Arquimedes viveu entre 287 e 212 a.C. em Siracusa. Seu trabalho chegou até nossos dias, incluindo o famoso princípio que leva seu nome.
Um palimpsesto é um pergaminho que teve seu texto original apagado para ser reutilizado. Essa prática era comum na época, devido ao alto valor do material.
O responsável pelo achado foi Victor Gysembergh, do Centro Nacional de Pesquisa Científica da França. A página estava no Museu de Belas Artes de Blois, no centro do país.
Os tratados de Arquimedes foram copiados no século 10. Essas páginas também traziam textos filosóficos, literários e religiosos. Posteriormente, nos séculos 12 e 13, o conteúdo foi apagado e o material virou um livro de orações.
Os trabalhos de Gysembergh foram publicados no dia 6 deste mês na revista alemã Zeitschrift für Papyrologie und Epigraphyk.
A história deste palimpsesto, único no mundo, é incomum. O poeta e historiador dinamarquês Johan Ludvig Heiberg o encontrou no final do século 19. Em 1906, ele fotografou o documento página por página.
No entanto, o manuscrito desapareceu durante a Primeira Guerra Mundial. Ele só reapareceu em 1996, em uma coleção privada na França, por ocasião de um leilão.
Nesse meio-tempo, três das 177 páginas do conjunto sumiram. Uma delas é justamente a que foi descoberta em Blois. O pesquisador classifica o achado como um evento casual.
Gysembergh explica que se interessa por palimpsestos porque eles podem levar à redescoberta de textos perdidos da Antiguidade.
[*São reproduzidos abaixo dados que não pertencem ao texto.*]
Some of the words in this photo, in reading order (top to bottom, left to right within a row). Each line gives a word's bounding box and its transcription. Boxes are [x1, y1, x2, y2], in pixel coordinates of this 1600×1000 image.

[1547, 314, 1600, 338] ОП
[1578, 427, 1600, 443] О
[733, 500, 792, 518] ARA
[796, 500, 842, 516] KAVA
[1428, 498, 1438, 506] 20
Ele mencionou para colegas que parte da biblioteca dos reis da França estava preservada em Blois, o que motivou a busca.
A investigação começou pelo Arca, um catálogo online de manuscritos digitalizados. O pesquisador ficou surpreso ao encontrar um manuscrito grego, e ainda mais ao se deparar com um tratado científico do século 10.
Ele comparou a página encontrada com as fotografias tiradas em 1906, que estão disponíveis online pela Biblioteca Real da Dinamarca. A análise mostrou que o estilo da escrita era idêntico, letra por letra, inclusive com uma figura geométrica no mesmo local.
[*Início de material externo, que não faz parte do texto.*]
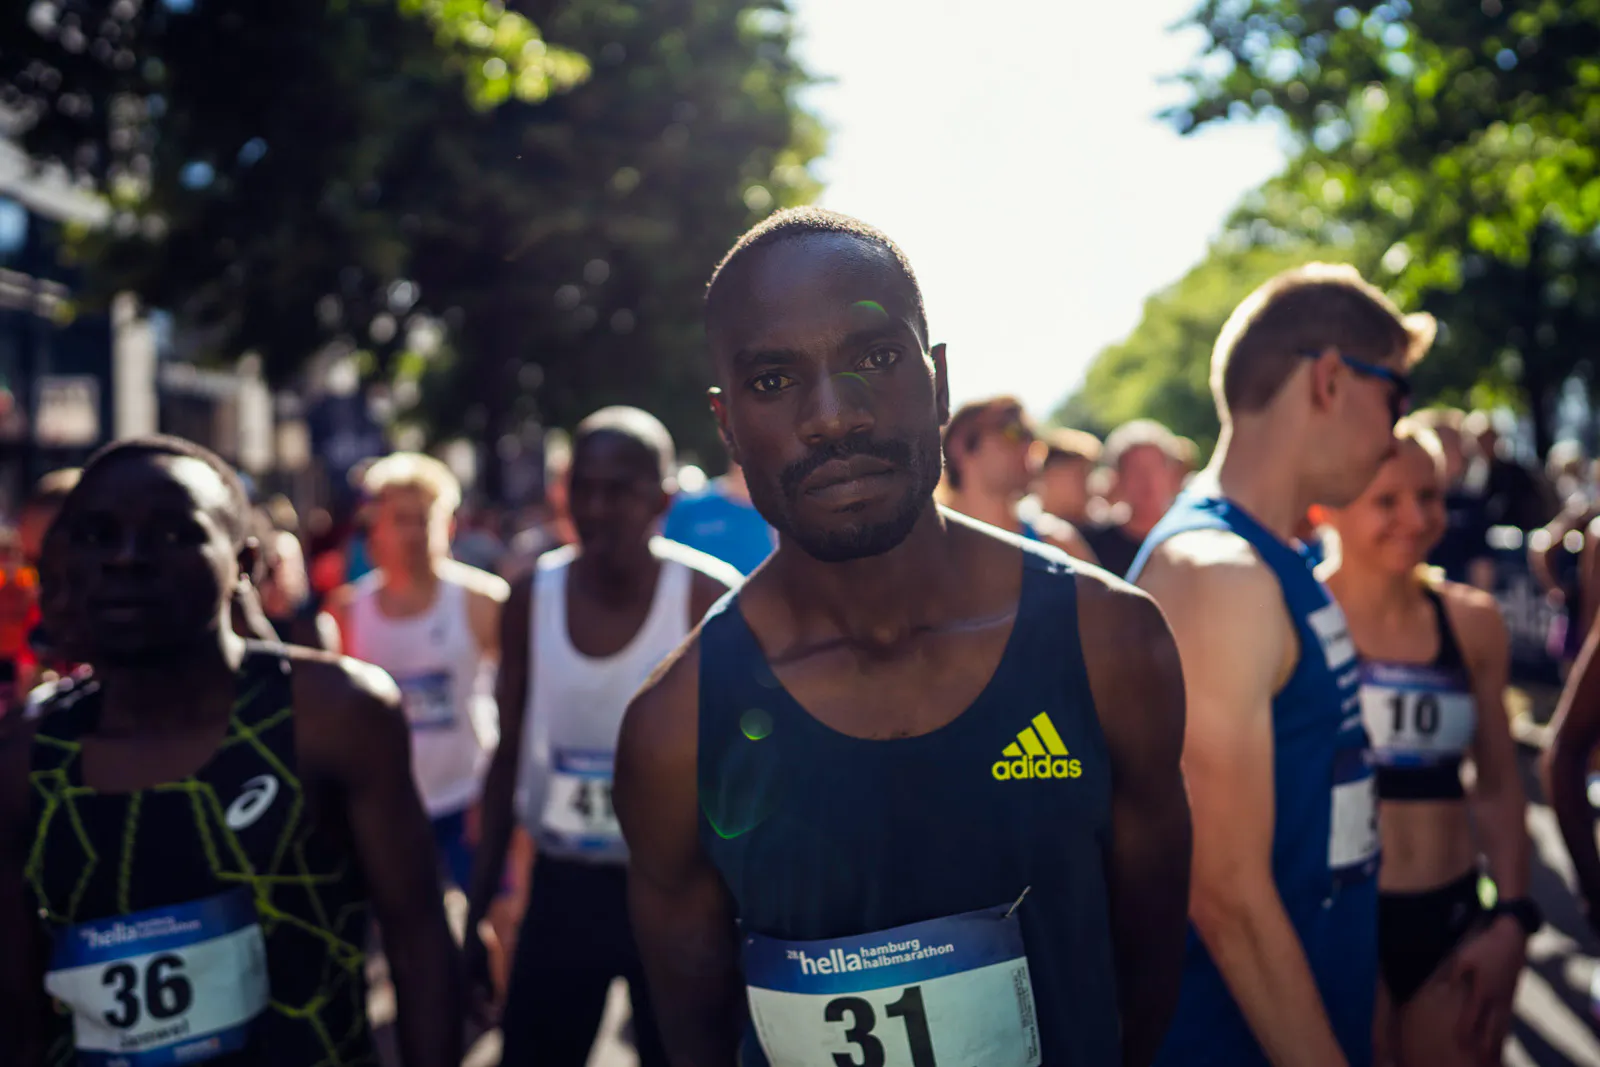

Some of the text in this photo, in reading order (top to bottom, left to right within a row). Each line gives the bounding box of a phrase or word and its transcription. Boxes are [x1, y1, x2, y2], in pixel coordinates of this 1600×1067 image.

[1387, 692, 1440, 735] 10
[992, 754, 1083, 781] adidas
[800, 948, 862, 975] hella
[860, 939, 920, 957] hamburg
[862, 943, 954, 969] halbmarathon
[102, 953, 193, 1029] 36
[824, 985, 938, 1067] 31
A confirmação foi que se tratava do tratado de Arquimedes sobre a esfera e o cilindro. De um lado da página, o texto da cópia antiga está bem visível. Do outro, há um desenho mais recente, provavelmente adicionado no século 20 por um proprietário para tentar valorizar o documento.
O pesquisador agora espera realizar uma análise mais aprofundada no próximo ano para decifrar completamente o texto. A descoberta reacende a esperança de que as outras duas páginas perdidas possam ser encontradas no futuro.
Até este achado, não havia expectativa de recuperar as páginas faltantes. Agora, Gysembergh acredita que instituições ou colecionadores privados que tenham manuscritos semelhantes devem verificar se não estão com os outros desaparecidos.